_Work instruction_: Would you print every entry below exactly as written, omitting the images?

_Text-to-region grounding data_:
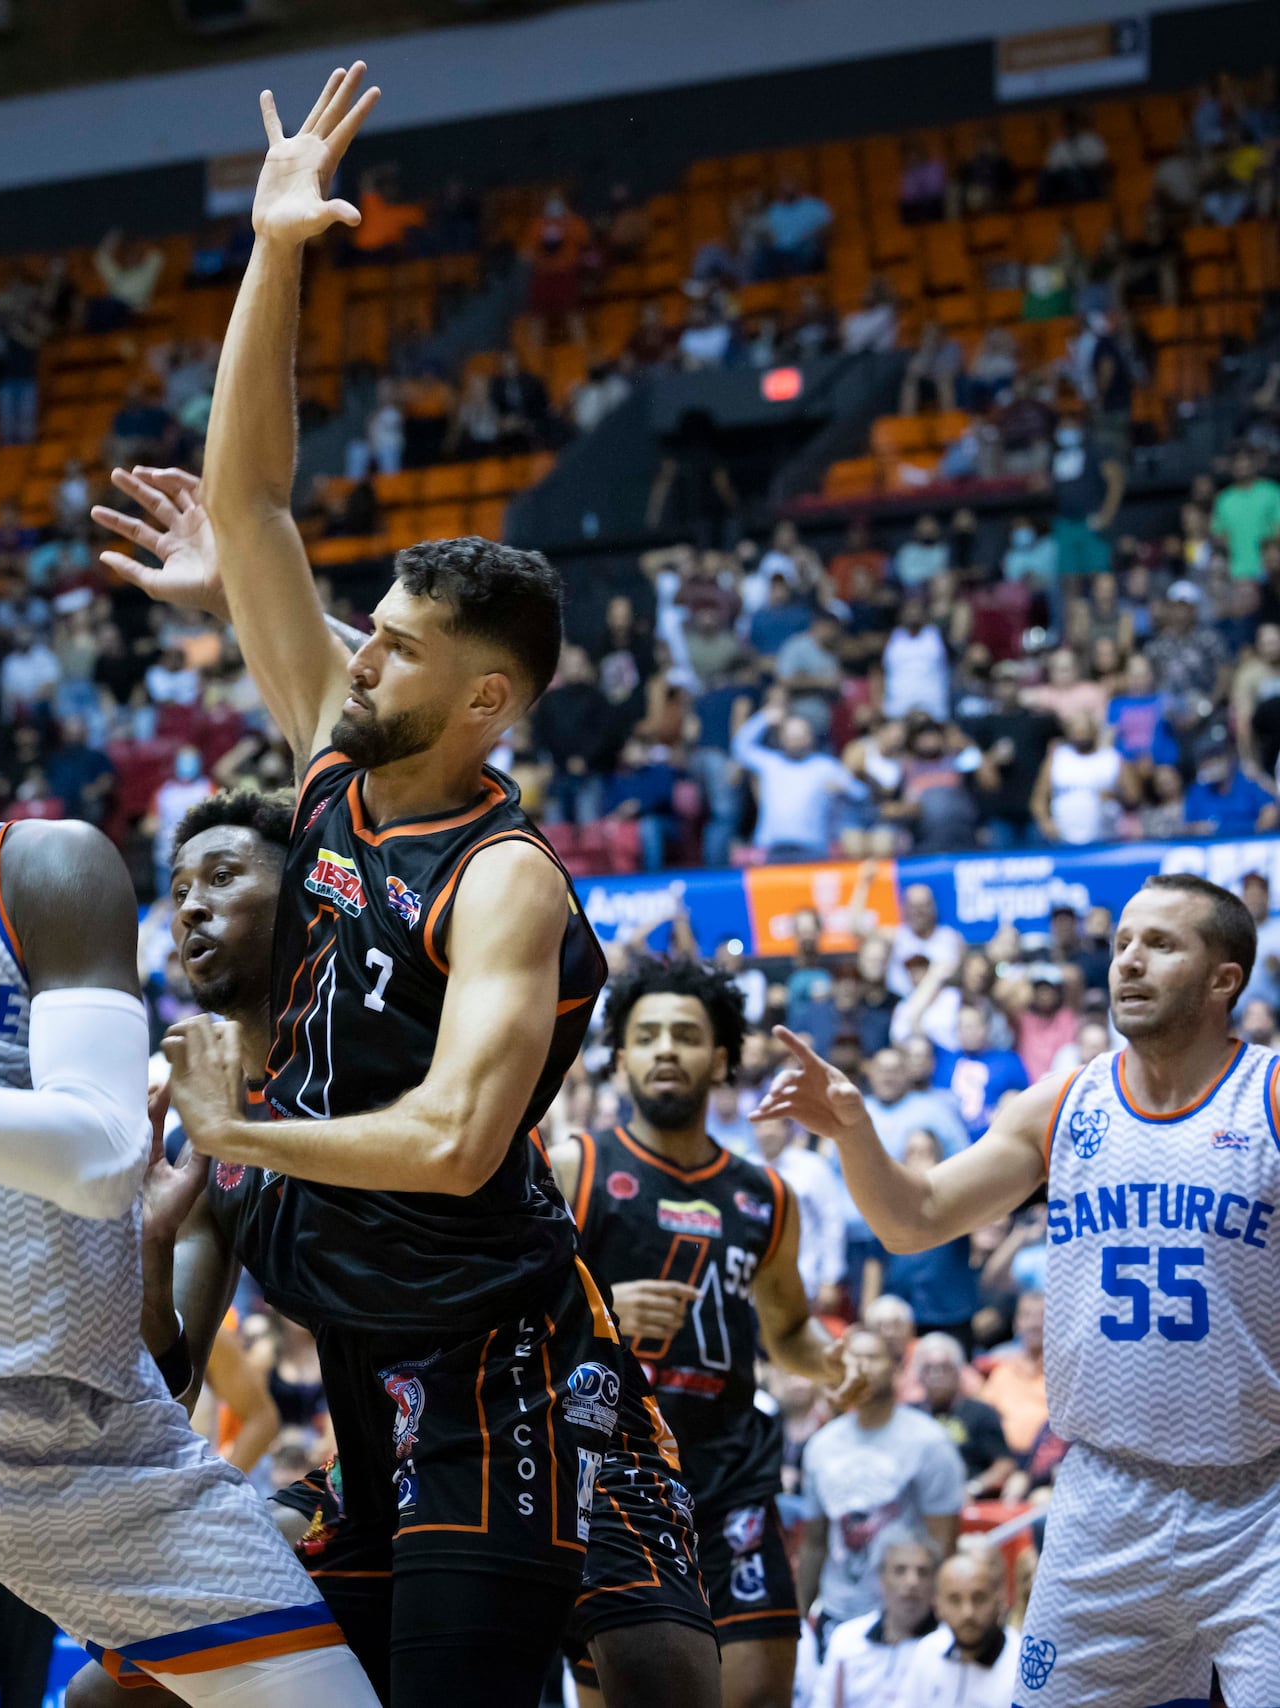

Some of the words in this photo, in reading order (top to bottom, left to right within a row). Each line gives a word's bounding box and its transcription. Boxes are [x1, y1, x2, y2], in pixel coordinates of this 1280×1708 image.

[364, 947, 394, 1013] 7
[1047, 1184, 1275, 1249] SANTURCE
[1099, 1247, 1210, 1342] 55
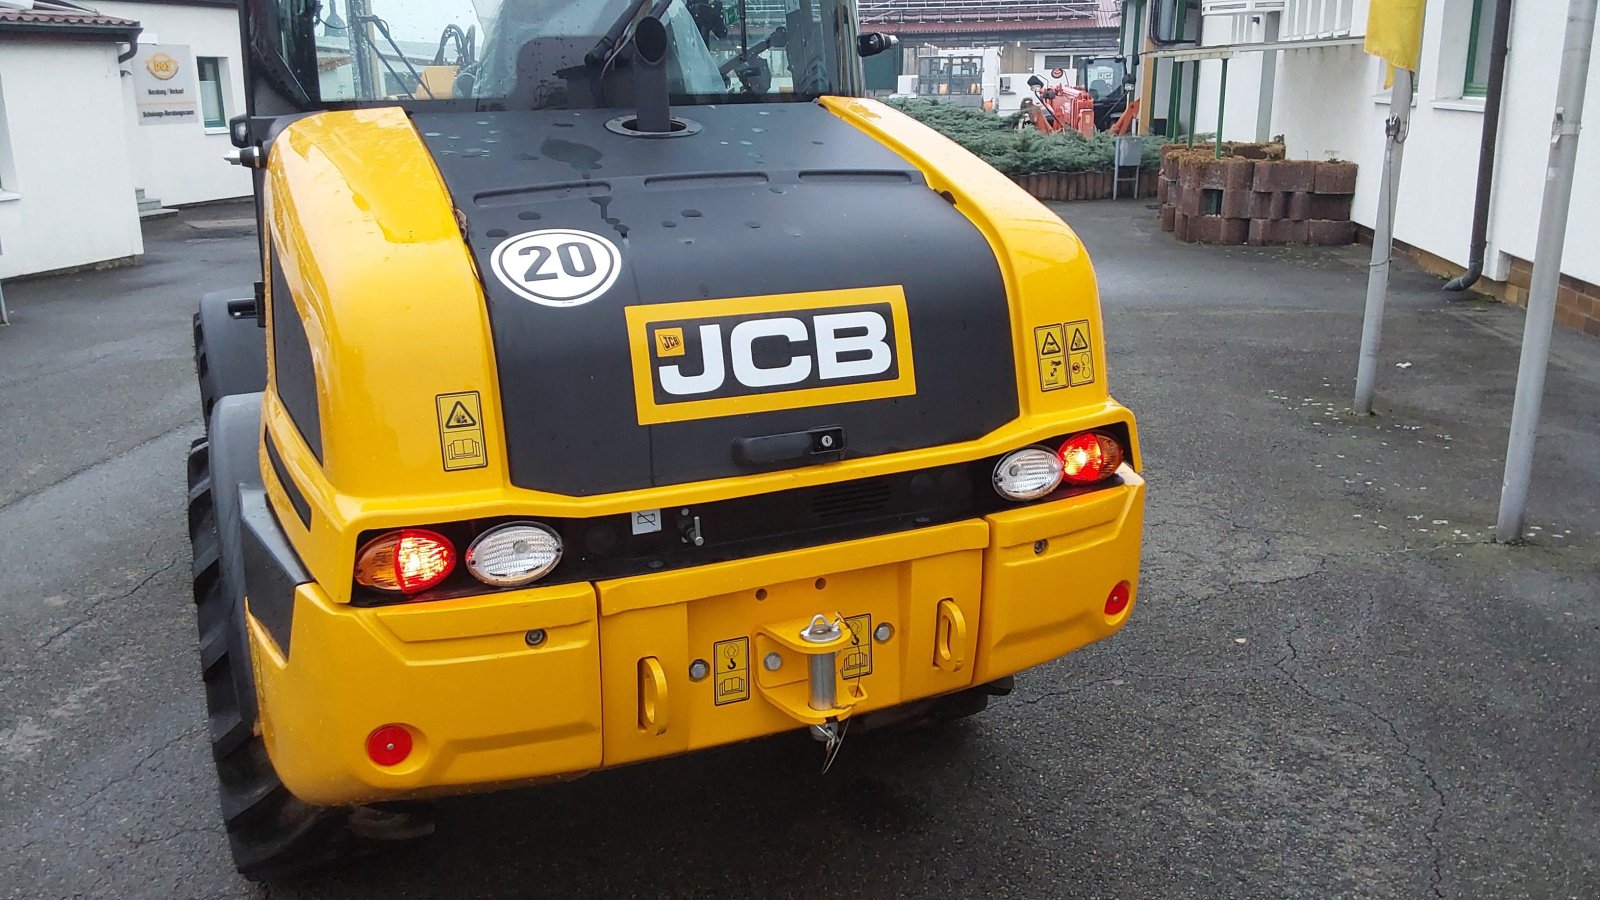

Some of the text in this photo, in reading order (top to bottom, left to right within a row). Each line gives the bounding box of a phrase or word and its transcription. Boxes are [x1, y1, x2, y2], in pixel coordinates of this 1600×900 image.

_Response to this exercise_:
Some of the words in this photo, in reading order (top to bottom, left to right within a row). Each line gives a word's bounding box and its transcription. Boxes are [x1, y1, x2, y2], in pixel coordinates of this 1280×1708 image.

[364, 947, 394, 1013] 7
[1047, 1184, 1275, 1249] SANTURCE
[1099, 1247, 1210, 1342] 55

Some of the text in this photo, in reading order (top to bottom, left to right within a row). Each line gives the bounding box of a phrase or word and its transcription. Boxes are [x1, y1, x2, y2], in pixel coordinates of this 1600×900 image.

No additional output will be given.